Perestroika was doomed before it had even begun.
GORBACHEV’S TRIP TO Western Siberia turned out to be important for another reason: It marked the high point of his ill-conceived antialcohol campaign, which did more to alienate the Russian people than any other single action. With hindsight, it was probably the most spectacular blunder committed by the new leadership during the early stage of perestroika.
Drink had been the scourge of Russian life for many centuries. “The greatest pleasure of the people is drunkenness, in other words forgetfulness,” noted the marquis de Custine during his visit to Russia in 1839. 67The Brezhnev regime tacitly encouraged vodka sales, which provided a valuable source of tax revenue and helped ensure the political acquiescence of the population. Consumption of hard liquor had almost quadrupled during the Brezhnev period. By the time Gorbachev came to power, alcoholism had reached epidemic proportions. Official studies showed that 70 percent of all crimes were related to alcohol. Drink was blamed for widespread absenteeism at work, a sharp increase in the divorce rate, and a dramatic drop in male life expectancy.

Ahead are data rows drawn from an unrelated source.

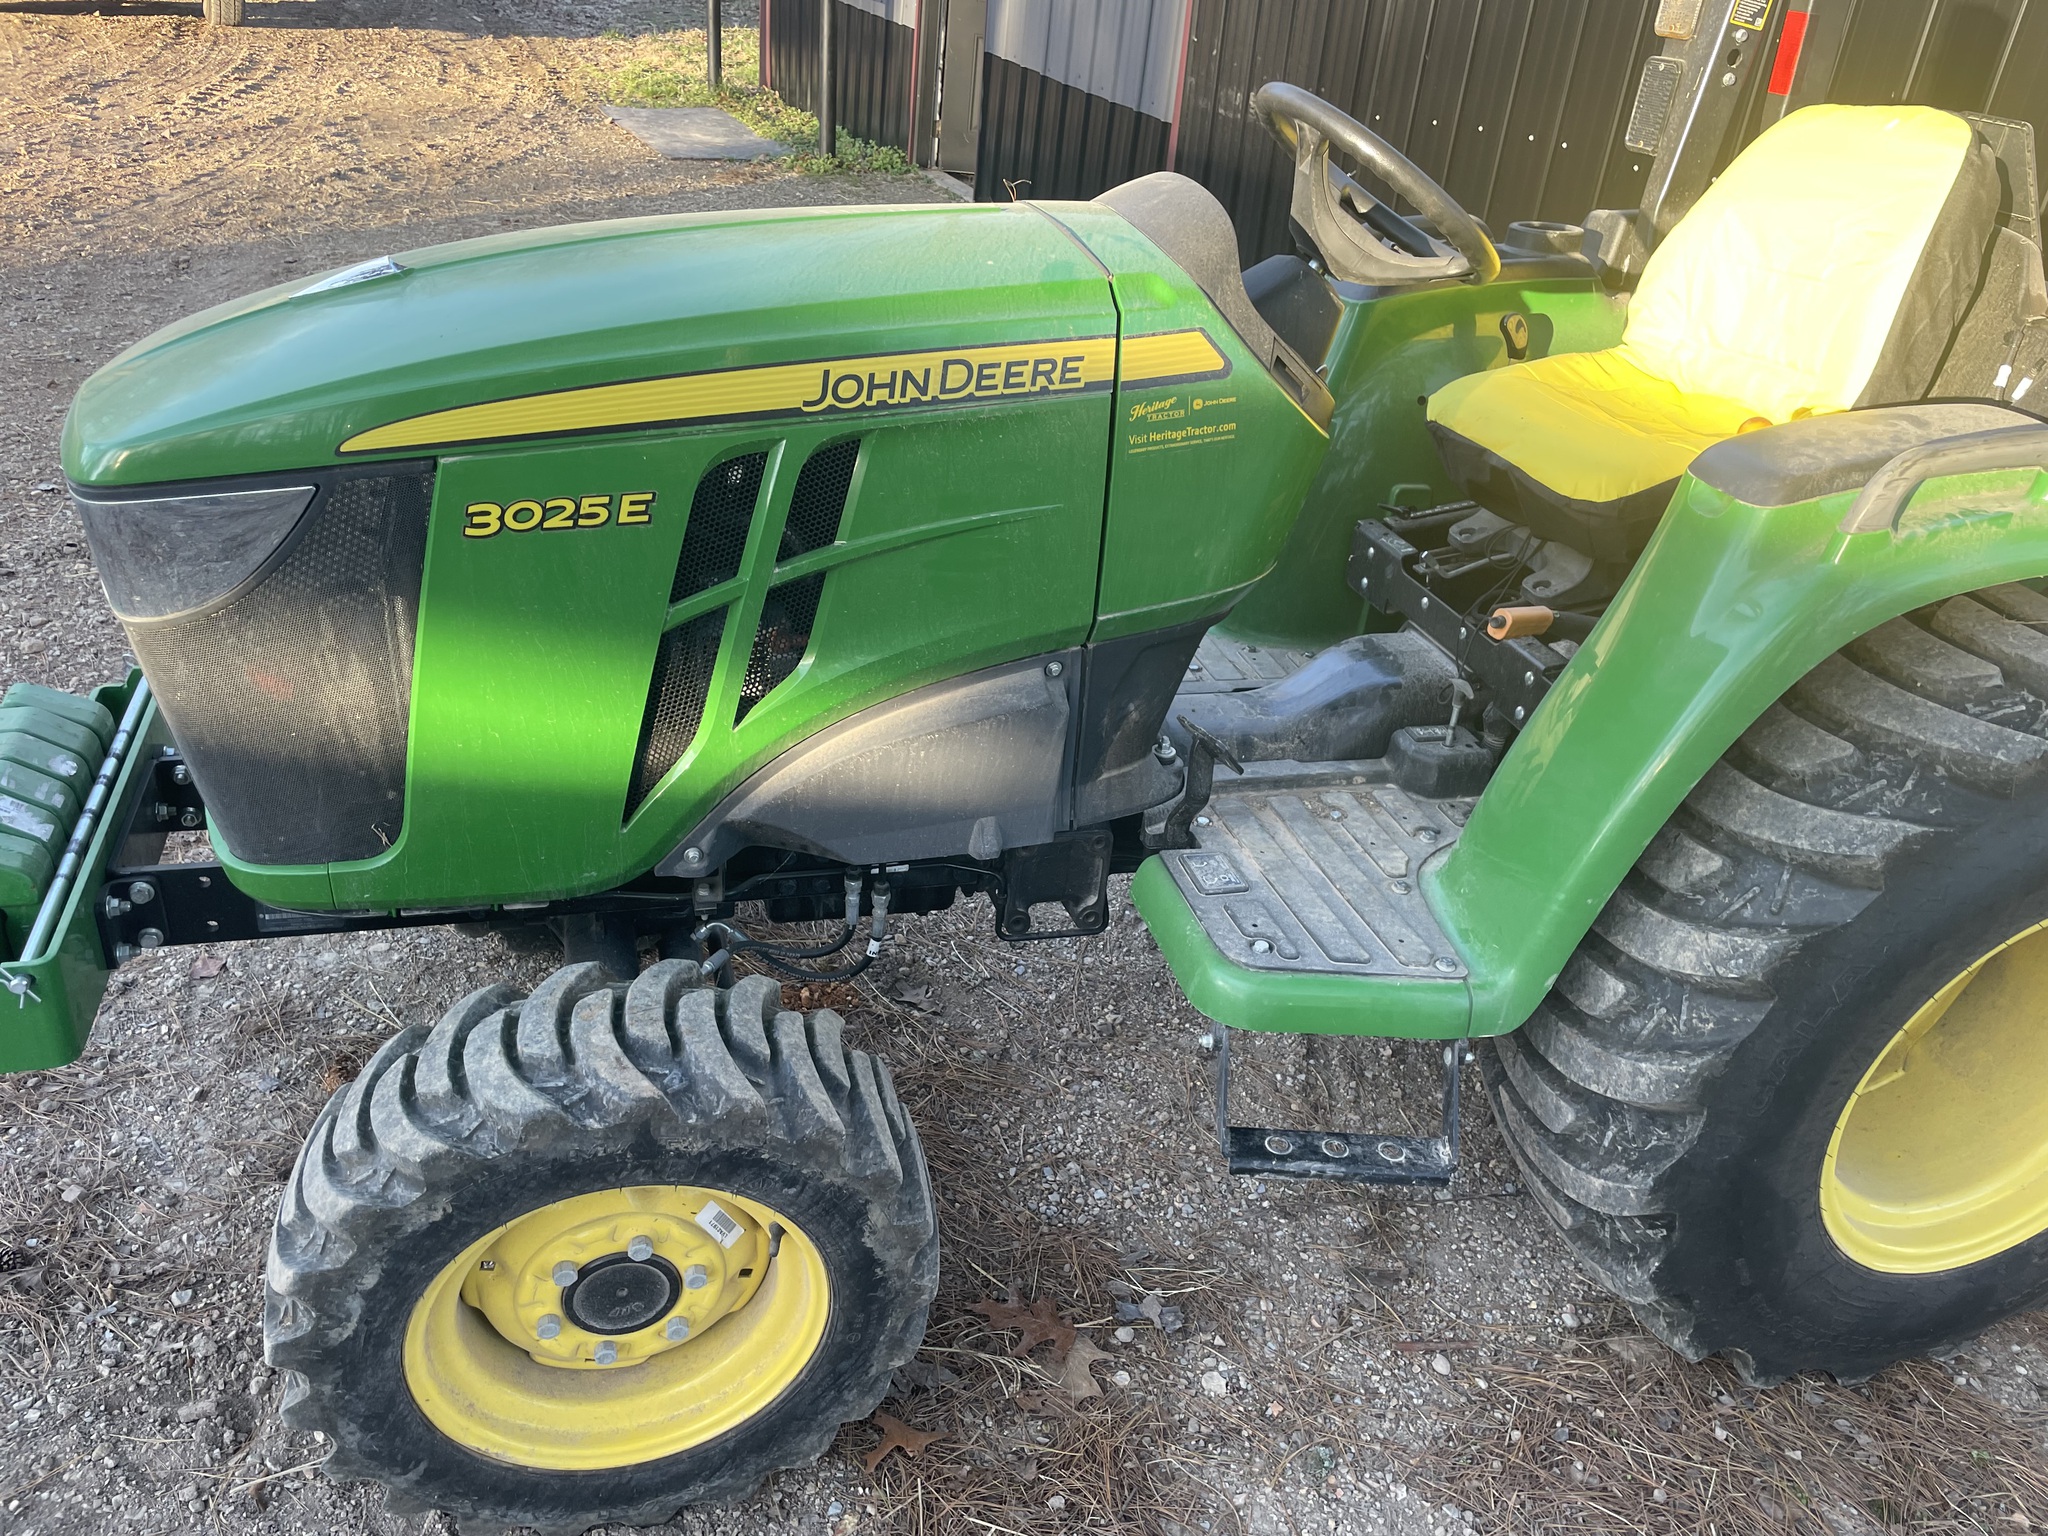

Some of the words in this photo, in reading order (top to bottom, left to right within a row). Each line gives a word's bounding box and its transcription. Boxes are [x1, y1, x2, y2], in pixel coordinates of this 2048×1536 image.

[801, 367, 932, 411] JOHN
[938, 355, 1086, 398] DEERE
[1128, 396, 1178, 422] Heritage
[1147, 410, 1185, 422] TRACTOR
[1128, 434, 1148, 445] Visit
[1149, 422, 1237, 442] HeritageTractor.com

The driving forces behind the antialcohol campaign were two Politburo members who had played an important role in helping Gorbachev become general secretary, Yegor Ligachev and Mikhail Solomentsev. Ligachev was a puritan, disgusted with the moral decay that he saw all around him. He had already tried to enforce a ban on alcohol in his hometown of Tomsk. Solomentsev was a reformed alcoholic who waged war on drink with the enthusiasm of the convert. Together they persuaded the Politburo to adopt draconian restrictions on the production and sale of alcohol. Tens of thousands of liquor stores across the country were closed down; centuries-old vineyards in the Caucasus were plowed up; alcoholic beverages were banned from official receptions. The sale of alcohol was prohibited altogether before 2:00 p.m. The few liquor stores that were permitted to remain open were constantly besieged by long lines of frustrated customers.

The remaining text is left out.